Skipping recommended care can adversely affect health, worsen health disparities and, in some cases, increase total spending.
The JAMA piece recommends changes to encourage value-based cost sharing, including:
Changing Internal Revenue Service rules so people with chronic conditions enrolled in high-deductible health plans (HDHPs) won't have to meet the deductible before their plans cover essential care, such as insulin and eye exams for people with diabetes, or counseling and medication for those with depression.
Under current IRS rules, HDHPs may provide select preventive care benefits prior to satisfaction of the deductible. But services meant to treat "an existing illness, injury or condition" are excluded from coverage until deductibles are met. A bipartisan bill was recently introduced to the U.S. House of Representatives to change IRS rules to allow HDHPs the flexibility to better cover clinical services for chronic medical conditions.
Updating the standard coverage requirements for insurance plans that companies sell on HealthCare.gov and other exchanges to promote value-based cost sharing.
Reforming Medicare's benefit package so beneficiaries pay less out of pocket for high-value clinical services and providers.

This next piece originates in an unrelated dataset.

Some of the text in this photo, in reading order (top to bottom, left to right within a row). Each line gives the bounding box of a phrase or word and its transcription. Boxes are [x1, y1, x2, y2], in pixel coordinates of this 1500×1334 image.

One step in that direction is in the works: In January, the Centers for Medicare & Medicaid Services will launch the Medicare Advantage (MA) Value-Based Insurance Design Model. It's an opportunity for MA plans run by private insurance companies in seven states to reduce cost sharing on visits and services of the highest clinical value to enrollees with specified chronic conditions.

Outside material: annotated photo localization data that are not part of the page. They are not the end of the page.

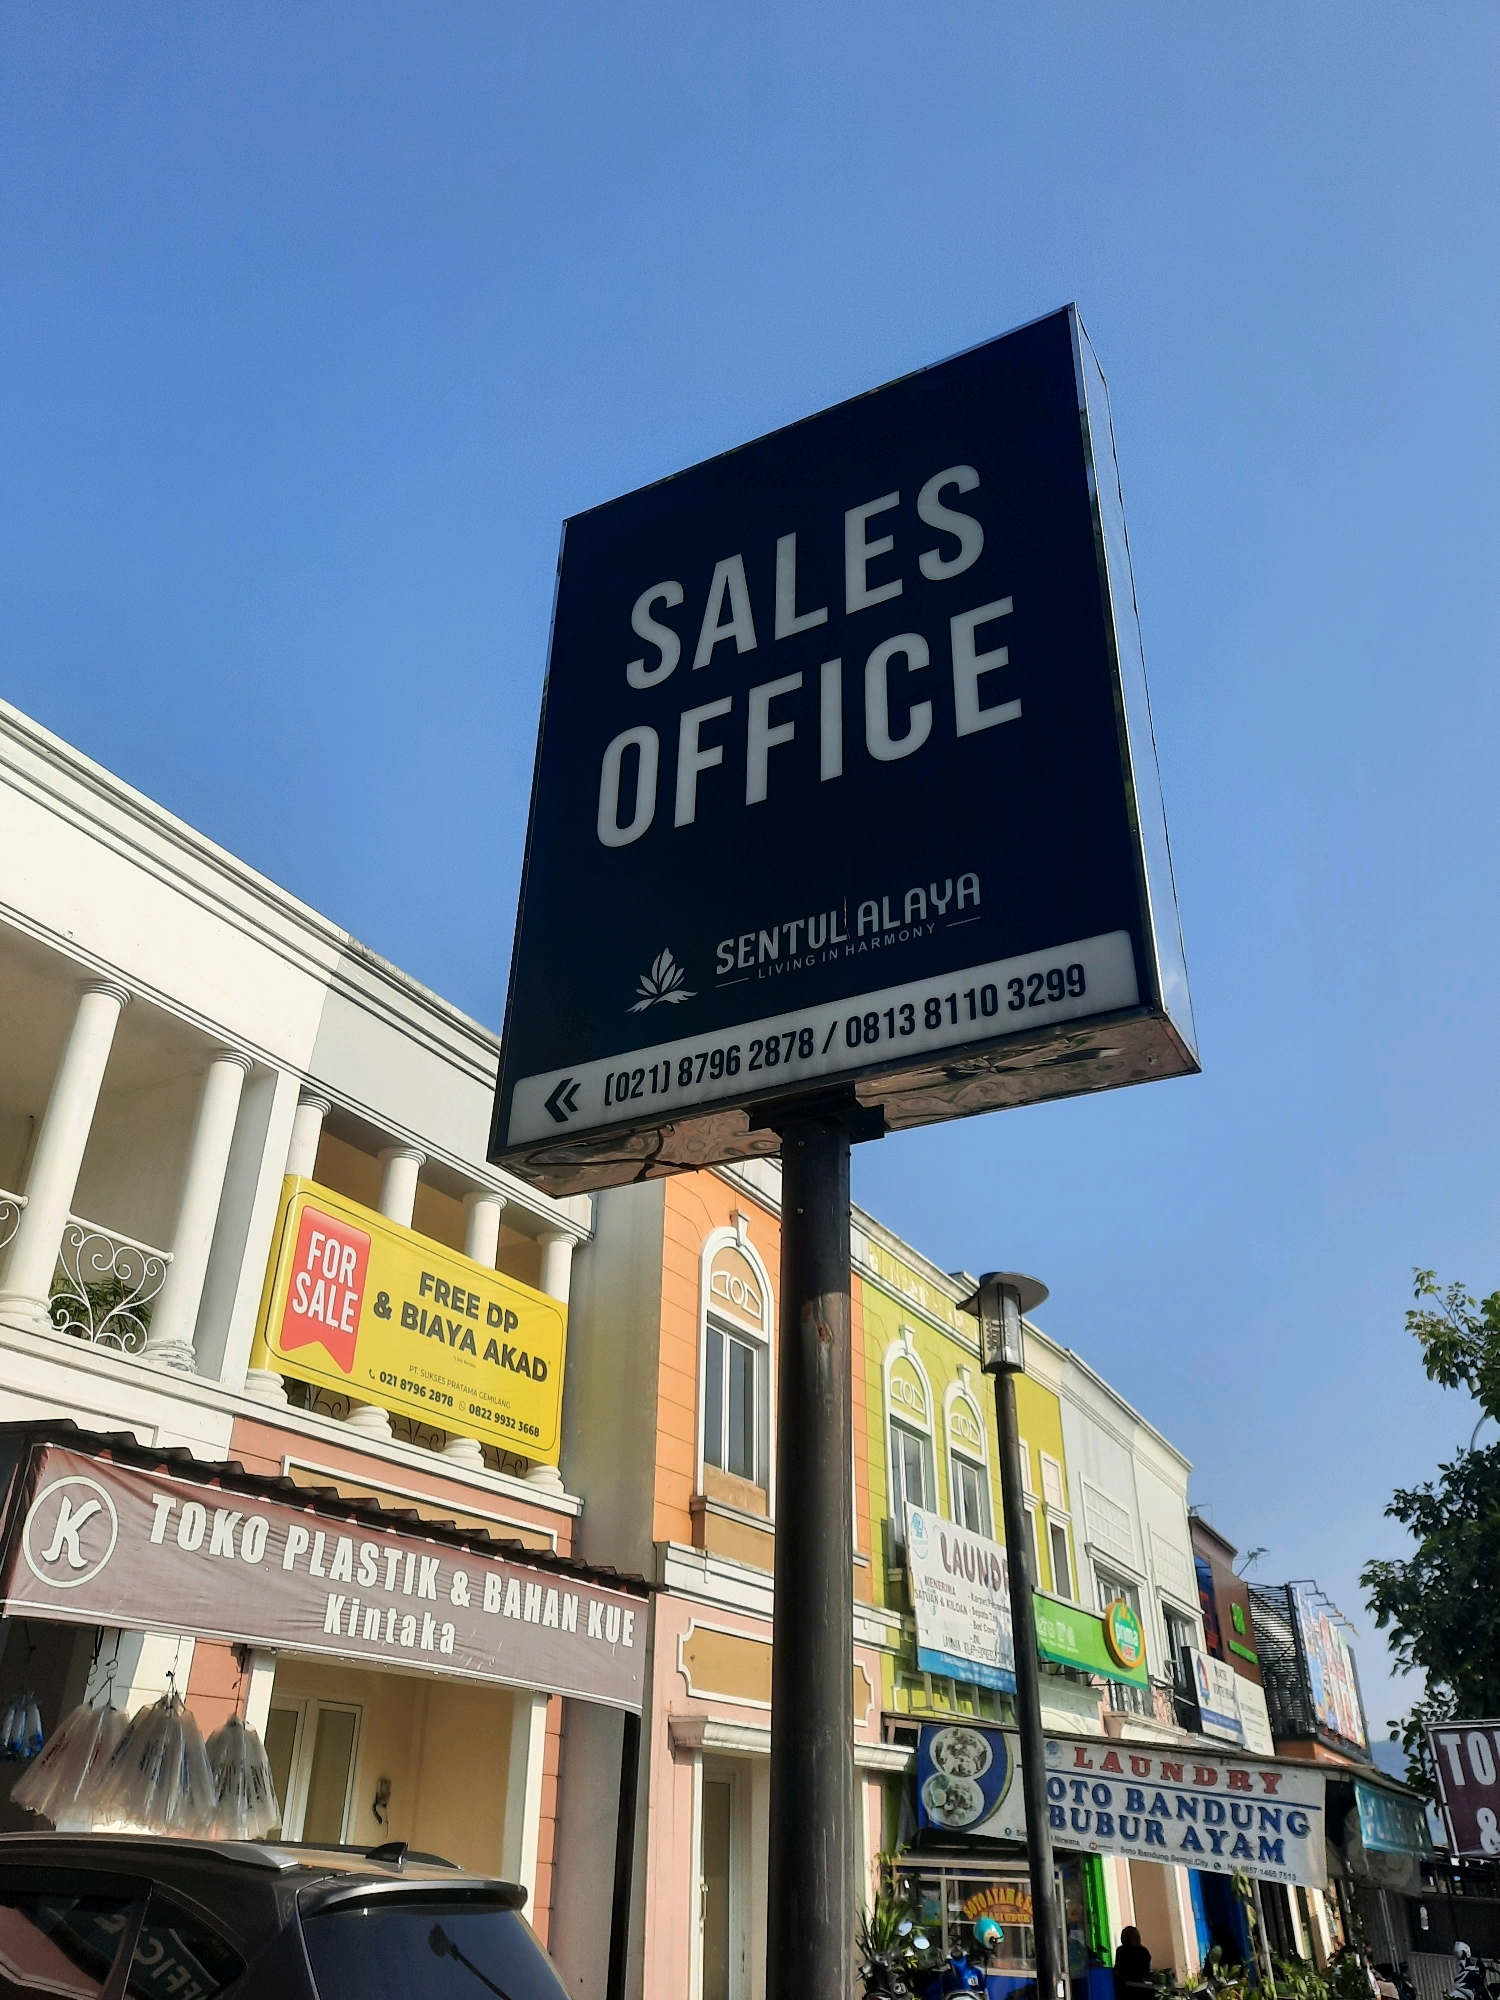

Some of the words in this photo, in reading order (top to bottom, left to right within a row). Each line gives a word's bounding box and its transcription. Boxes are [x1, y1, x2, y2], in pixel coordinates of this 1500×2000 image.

[626, 465, 985, 690] SALES
[597, 596, 1023, 848] OFFICE
[716, 910, 847, 975] SENTUL
[857, 872, 981, 937] ALAYA
[758, 955, 815, 979] LIVING
[822, 948, 838, 963] IN
[845, 922, 936, 956] HARMONY
[604, 1059, 671, 1107] (021)
[678, 1045, 741, 1087] 8796
[749, 1027, 814, 1071] 2878
[822, 1020, 838, 1054] /
[845, 1004, 916, 1048] 0813
[924, 984, 998, 1030] 8110
[1007, 963, 1086, 1011] 3299
[306, 1230, 357, 1287] FOR
[292, 1271, 359, 1334] SALE
[373, 1291, 392, 1320] &
[400, 1301, 477, 1356] BIAYA
[418, 1271, 481, 1321] FREE
[486, 1301, 519, 1334] DP
[379, 1371, 398, 1387] 021
[400, 1378, 426, 1397] 8796
[428, 1389, 454, 1407] 2878
[409, 1364, 419, 1375] PT.
[420, 1367, 446, 1385] SUKSES
[447, 1380, 478, 1397] PRATAMA
[479, 1391, 511, 1409] GEMILANG
[469, 1403, 491, 1420] 0822
[494, 1412, 516, 1429] 9932
[518, 1421, 540, 1438] 3668
[150, 1493, 270, 1564] TOKO
[282, 1524, 442, 1601] PLASTIK
[451, 1570, 472, 1608] &
[483, 1571, 580, 1633] BAHAN
[587, 1599, 635, 1648] KUE
[915, 1588, 939, 1605] SATUAN
[323, 1593, 457, 1655] Kintaka
[1074, 1746, 1282, 1795] LAUNDRY
[1439, 1731, 1500, 1786] TO
[1050, 1804, 1167, 1848] BUBUR
[1180, 1825, 1287, 1866] AYAM
[1125, 1787, 1311, 1839] BANDUNG
[1121, 1846, 1136, 1855] Soto
[1138, 1849, 1169, 1862] Bandung

Encouraging efficient employee insurance packages that focus on the value of services to the individual. This could be done by implementing V-BID principles on high-cost plans to avoid the "Cadillac" tax, or capping the tax on plans at a certain level. This would yield federal dollars that could be used to provide better health care for people with lower incomes.
"Increasing health care spending has created serious challenges for purchasers in the U.S. health care system," the authors write. "Solutions will require both payment reform and greater patient engagement. Patient-facing tools should not create barriers to access, but instead encourage people to use high-value services from high-value health professionals and health care organizations."